Something remarkable happened yesterday [Thursday]. Stocks didn’t go up. They went down…and they went down a lot.
The S&P 500 dumped 5.89 percent. But that was nothing. Gannett Co. crashed 29.5 percent, Noble Corporation plunged 25.51 percent, and Denbury Resources dropped 23.65 percent.
Should you buy the dip?
To properly answer this question we must back up, so as to widen our perspective. From this outer perch several critical factors in the retail sector come into focus.
To begin, the music has stopped for American retail companies. Yet retail investors have kept right on dancing. Pandemic, economic collapse, full societal breakdown. Nothing’s holding them back.
According to Bloomberg, the month of May was the worst month for insolvencies since the Great Recession. On the month, 27 companies with at least $50 million in liabilities sought bankruptcy protection from creditors. Notable filings came from J.C. Penney, Neiman Marcus, and J. Crew.

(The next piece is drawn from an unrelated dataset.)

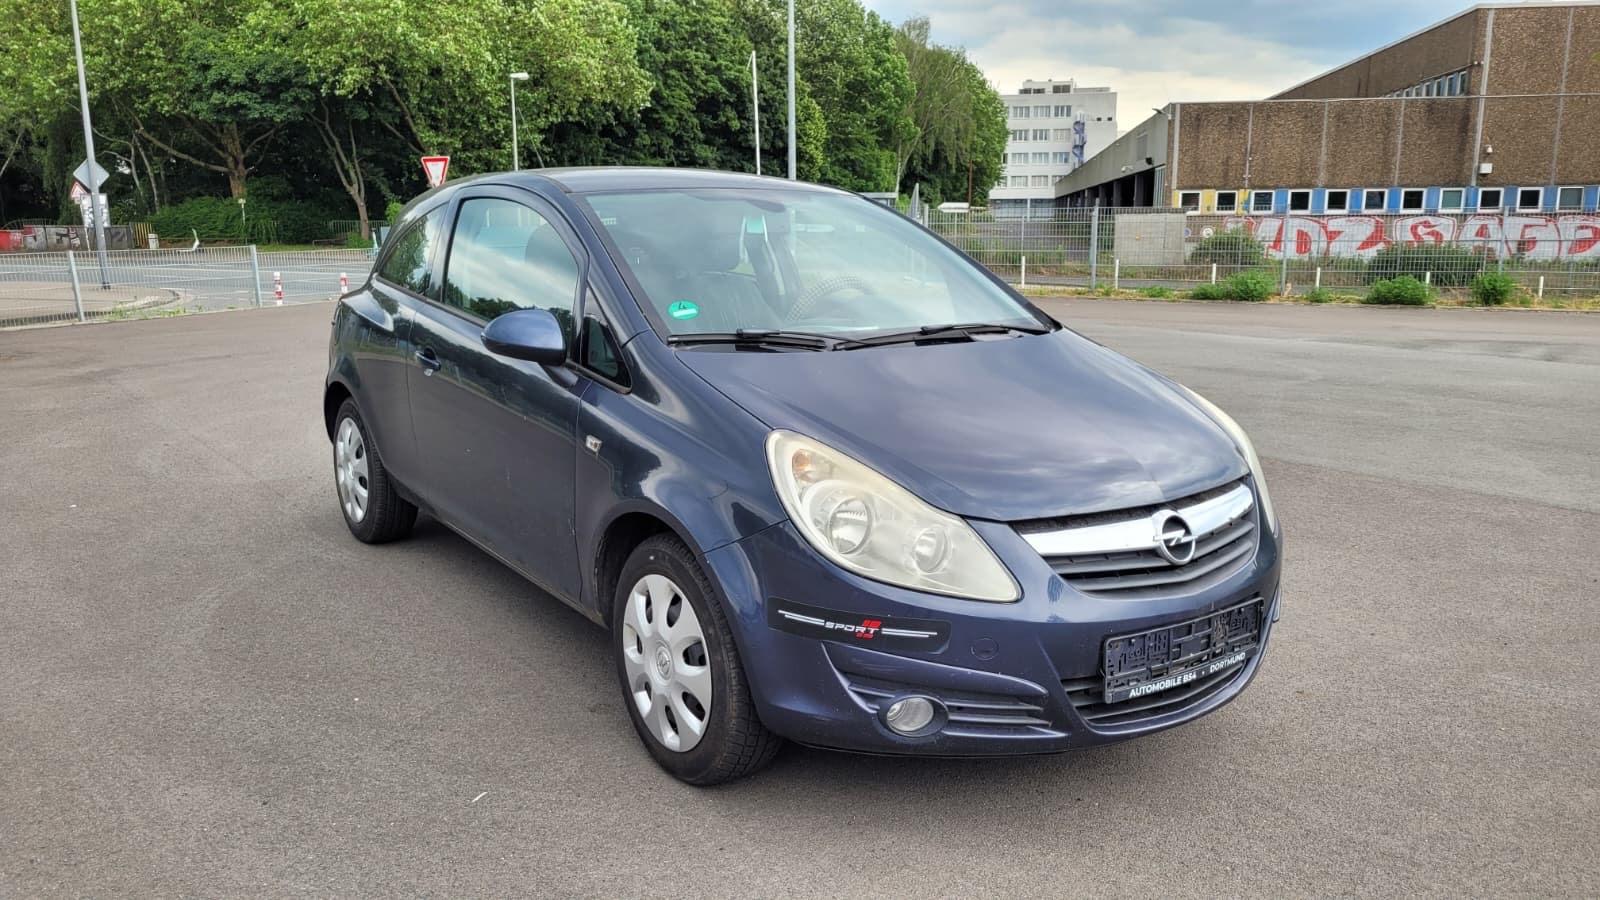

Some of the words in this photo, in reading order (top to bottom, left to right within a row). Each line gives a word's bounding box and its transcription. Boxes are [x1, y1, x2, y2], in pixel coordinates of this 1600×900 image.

[825, 621, 880, 634] SPORT
[1129, 676, 1182, 698] AUTOMOBILE
[1210, 652, 1246, 673] DORTMUND
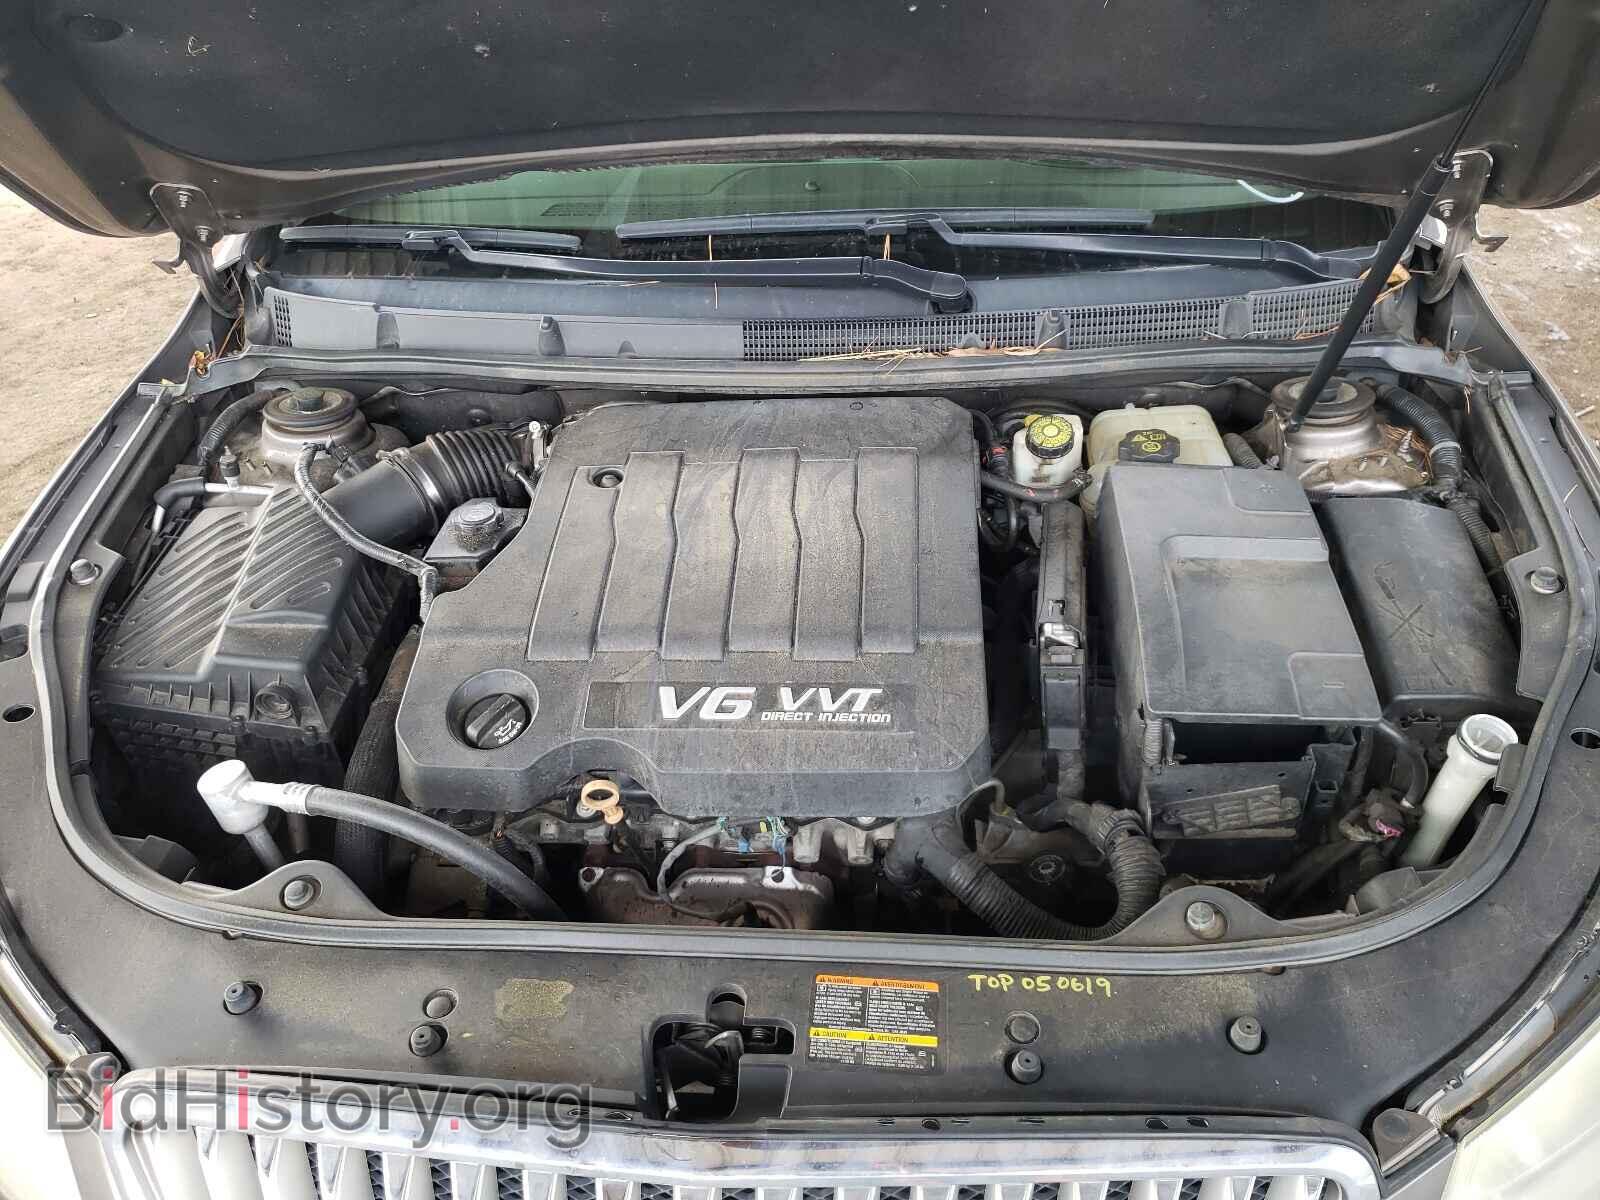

Melanie Cyagnowski, a former bankruptcy judge, thinks “we’re going to continue to see filings of at least the level we’re seeing for a while.” Thanks to government lockdown orders, retail revenues have dried up like a raisin in the sun. Now retailers can’t pay their debts. They must go to court to cut a deal.
Nonetheless, retail investors are still dancing. For example, after closing at 26.29 on March 23, and even with yesterday’s 5.46 percent loss, the S&P 500 Retail ETF (XRT) is now up over 55 percent. Apparently, a rash of retail bankruptcy filings is bullish for retail stocks. Who knew?